I borrowed the picture (with the quote) from the The Skeptical Teacher. I hope they do not mind.


You can tell Jacoby’s offended the Christian groups with her books. “Christianity Today” called her book on Ingersoll a ‘hagiography’ of a ‘second rate thinker’. I haven’t read this one, but I did read her “Age of American Unreason” and found it tightly logical and well written.
I’m not sure what Ingersoll was like but both he and Jacoby seem to have earned their stripes in getting under the skin of our Christian friends!
How do you read on a treadmill?
Eric how do you read on a treadmill? There must be one thing you are not giving proper attention.
On Robert ingersoll, I think all new atheists not just American free thinkers should resurrect him. I have read many of his lectures and he really was brilliant in his attack of religious belief. He was a true friend and defender of reason.
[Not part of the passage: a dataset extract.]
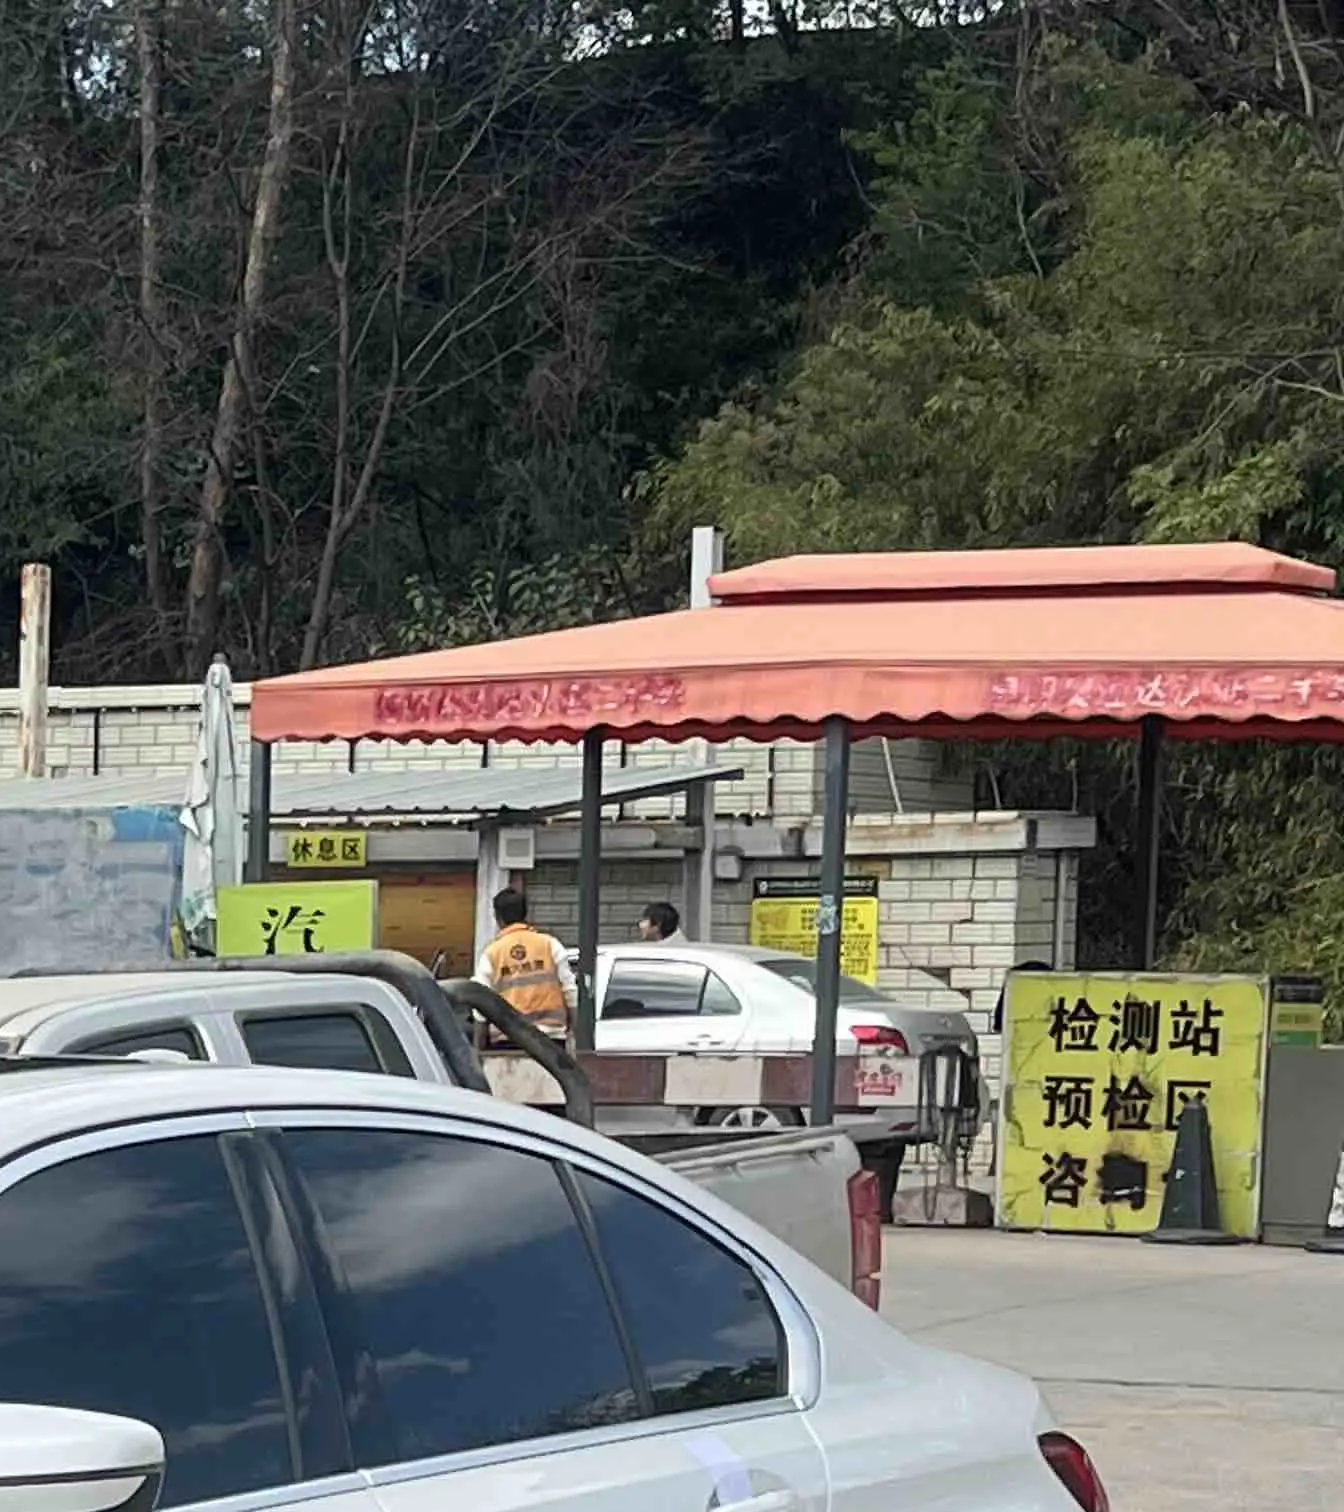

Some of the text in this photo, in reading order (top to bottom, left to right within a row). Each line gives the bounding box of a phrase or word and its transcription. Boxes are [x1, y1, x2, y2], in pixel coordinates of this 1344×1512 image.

Google “exercise workstations” or “treadmill work stations” — being used in some public health departments in Ontario (and elsewhere).
Makagutu. While it’s true that some attention is lost by walking and reading at the same time, the treadmill is a good place for a quick run through of a book that you intend later to come back and read in depth. You get the basic structure of the book, the arguments, the evidence, and then you go back later and cement some of those in your memory, although as I get older the cement is less sticky.